*Problem to work on*
The pictures must be left out, while the rest of the data is copied exactly.

*Supplied information*
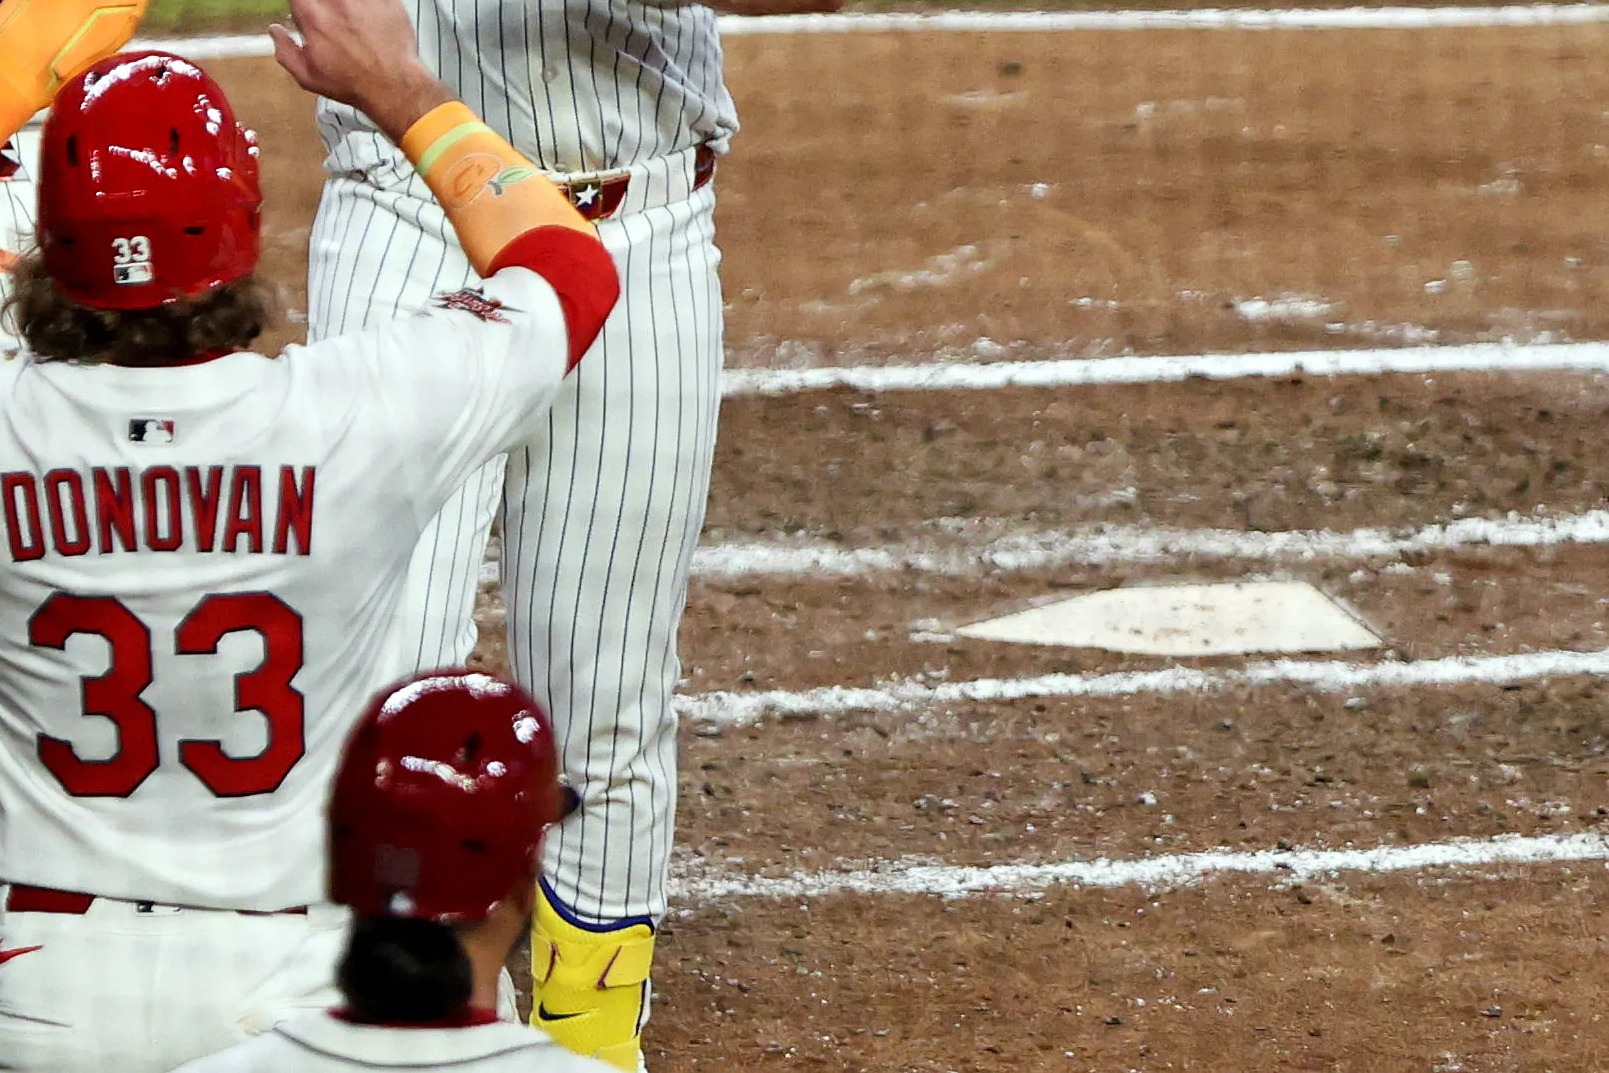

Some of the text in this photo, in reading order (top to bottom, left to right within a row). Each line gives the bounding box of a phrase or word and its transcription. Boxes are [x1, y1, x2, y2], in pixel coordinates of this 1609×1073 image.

[111, 236, 151, 264] 33
[0, 465, 317, 562] DONOVAN
[28, 591, 306, 798] 33
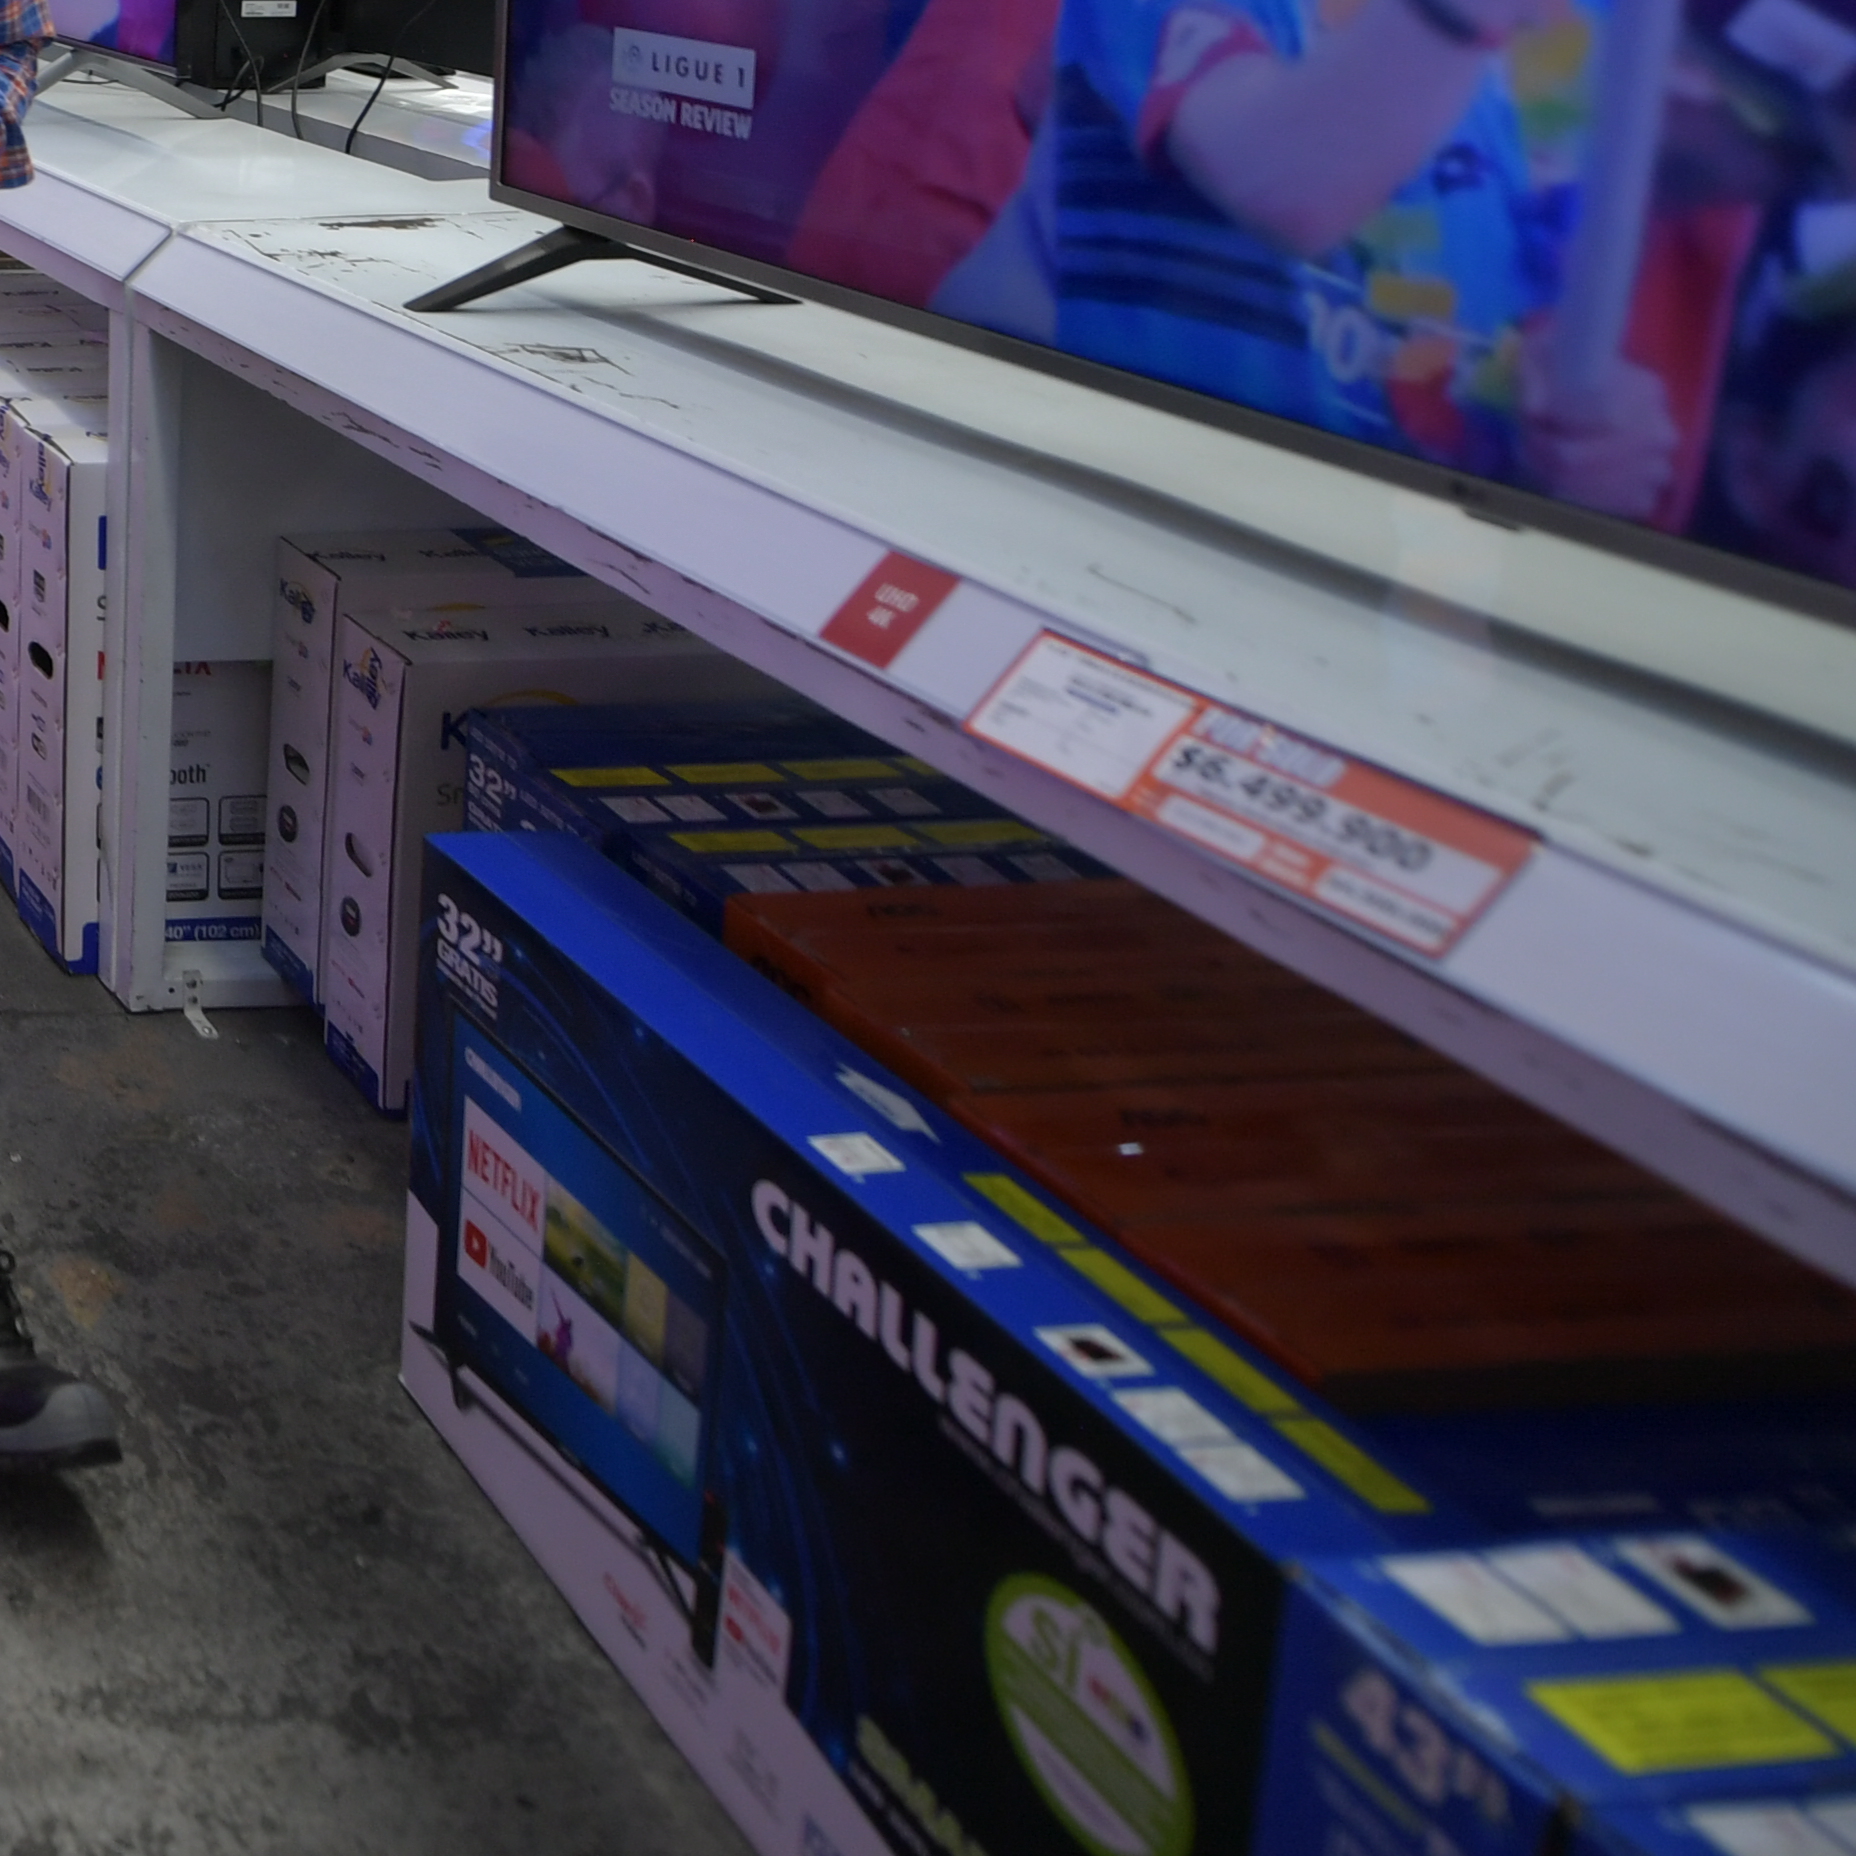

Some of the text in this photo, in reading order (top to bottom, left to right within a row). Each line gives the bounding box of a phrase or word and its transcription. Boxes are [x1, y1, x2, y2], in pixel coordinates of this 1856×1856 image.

[651, 51, 745, 89] LIGUE 1
[610, 86, 754, 141] SEASON REVIEW
[193, 919, 228, 941] (102
[435, 940, 500, 1010] GRATIS
[466, 1126, 543, 1234] NETFLIX
[750, 1178, 1224, 1658] CHALLENGER

*Task result*
Some of the text in this photo, in reading order (top to bottom, left to right within a row). Each line gives the bounding box of a phrase or word and its transcription. Boxes are [x1, y1, x2, y2], in pixel coordinates of this 1609×1073 image.

[111, 236, 151, 264] 33
[0, 465, 317, 562] DONOVAN
[28, 591, 306, 798] 33

Some of the text in this photo, in reading order (top to bottom, left to right within a row). Each line gives the bounding box of a phrase or word and its transcription. Boxes are [x1, y1, x2, y2], in pixel coordinates of this 1856×1856 image.

[651, 51, 745, 89] LIGUE 1
[610, 86, 754, 141] SEASON REVIEW
[193, 919, 228, 941] (102
[435, 940, 500, 1010] GRATIS
[466, 1126, 543, 1234] NETFLIX
[750, 1178, 1224, 1658] CHALLENGER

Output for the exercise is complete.